This article does not cite any sources. (September 2017) (Learn how and when to remove this template message)
The first historical mention of the place is in a 1547 inquisition held after the Dissolution of the Monasteries, when Barretstown Castle was listed as the property of the Archbishop of Dublin, from whom it was promptly confiscated by the Crown. Thereafter the Castle was held by the Eustace family on a series of "permanent leases."
In the 17th century Sir Walter Borrowes married a daughter of the earl of Kildare and acquired the estate, and the family retained possession for over 200 years. Members of the family, such as Sir Kildare Borrowes, 5th Baronet, represented Kildare County and Harristown in the former Parliament of Ireland.
Unlike the Eustace baronets of the 16th and 17th centuries, the five Borrowes baronets who spanned the 19th century played no part in public life. This quiet aristocratic reign ended with the flamboyant Sir Kildare, 10th Baronet (1852–1924), whose father Rev. Sir Erasmus, 8th Baronet, had significantly modified the residence in a medieval, romantic, asymmetrical style. In 1918, the Borrowes family having left Ireland, Barretstown was purchased by Sir George Sheppard Murray, a Scotsman who converted the estate into a fine stud farm, and planted many of the exotic trees that dominate the landscape.
In 1962 Elizabeth Arden acquired the castle from the Murray family. Over five years, Arden extensively reconstructed, redecorated, and refurnished the castle. Her influence dominates the look of the house to this day. The door of the castle is reputed to have been painted red after her famous brand of perfume Red Door, and remains so to this day.

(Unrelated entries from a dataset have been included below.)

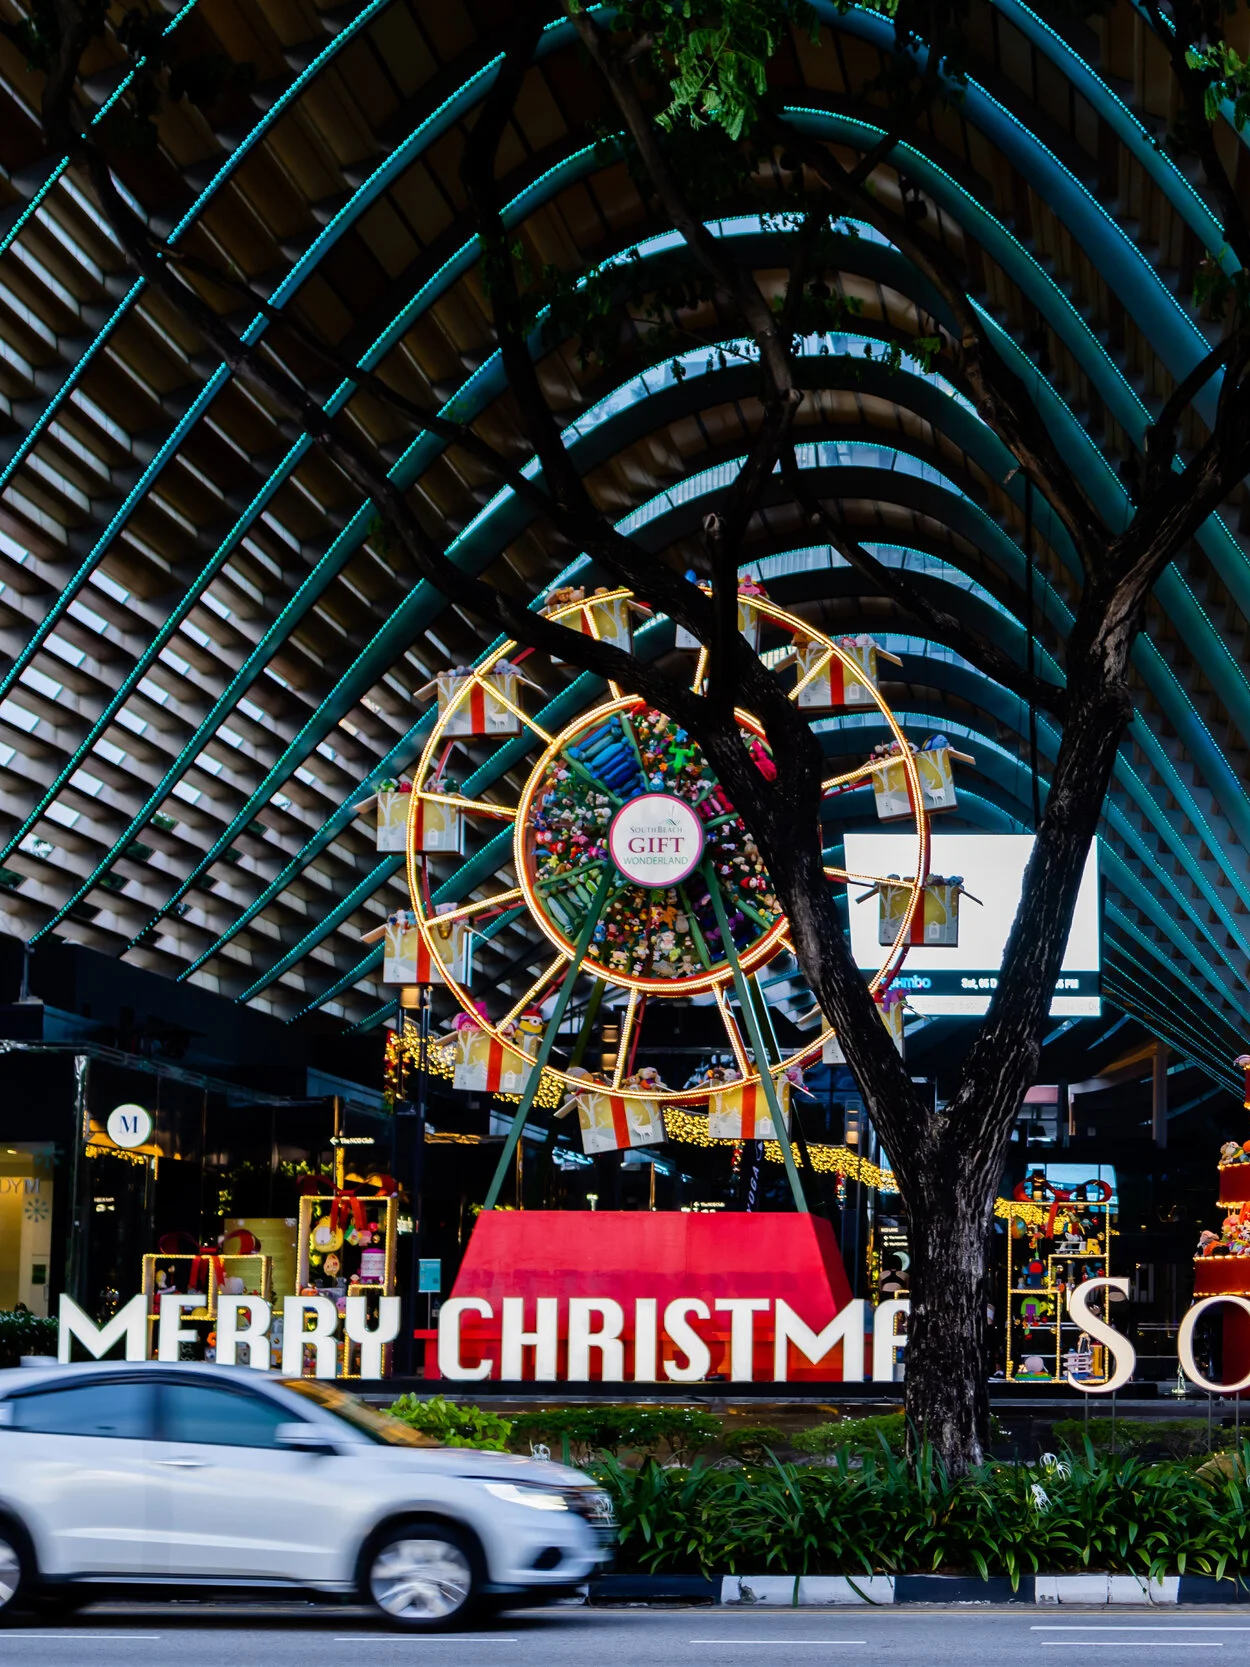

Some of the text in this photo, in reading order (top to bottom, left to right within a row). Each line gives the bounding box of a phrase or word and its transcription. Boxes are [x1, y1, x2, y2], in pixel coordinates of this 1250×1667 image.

[628, 837, 685, 854] GIFT
[623, 857, 689, 865] WONDERLAND
[119, 1115, 138, 1134] M
[437, 1297, 910, 1382] CHRISTMA
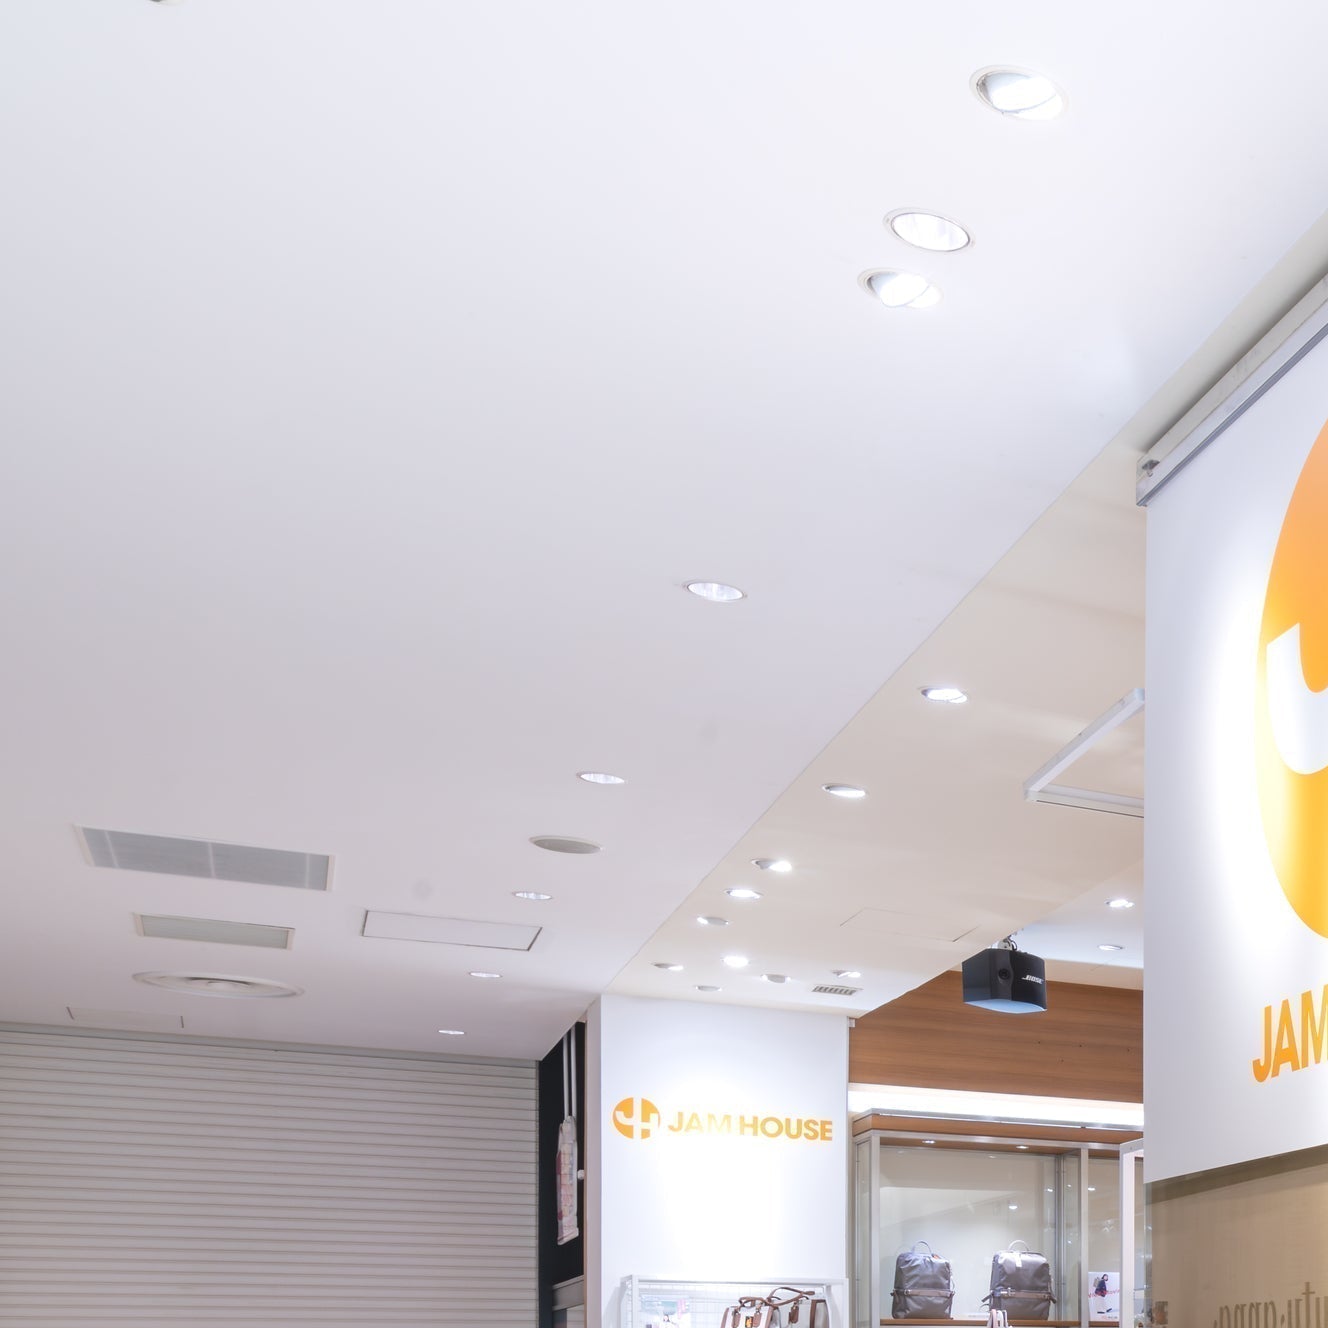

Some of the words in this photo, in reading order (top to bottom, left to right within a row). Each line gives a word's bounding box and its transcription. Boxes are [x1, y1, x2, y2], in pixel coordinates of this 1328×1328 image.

[1021, 975, 1044, 985] BOSE
[668, 1111, 732, 1133] JAM
[739, 1115, 833, 1141] HOUSE

After Arden's death in 1967, the international biscuit tycoon Garfield Weston took up residence. Under his ownership the grounds were significantly improved, particularly through the addition of a magnificent lake in front of the castle.
The Weston family, which owns Dublin's famous Brown Thomas department store, presented the estate to the Irish government in 1977, during which time it was used for national and international conferences and seminars, as well as being used as a part of the Irish National Stud.

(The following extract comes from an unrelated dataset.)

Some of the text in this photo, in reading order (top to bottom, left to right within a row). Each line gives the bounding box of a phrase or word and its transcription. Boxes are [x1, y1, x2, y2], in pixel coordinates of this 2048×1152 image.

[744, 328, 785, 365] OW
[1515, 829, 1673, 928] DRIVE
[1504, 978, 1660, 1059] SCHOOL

The Irish government has leased the castle and its grounds to the Barretstown Gang Camp Fund for the next 90 years for a nominal €1.26 per year. Part of Paul Newman's Hole in the Wall Camps, the Barretstown Gang Camp opened in August 1994, serving 124 children. With the completion of the new medical centre and programme hall, in 1995 the camp served nearly 300 children from Ireland, the United Kingdom, Germany, France, the United States, and Chernobyl disaster areas. In 2009, Barretstown will serve 1900 children from around Europe.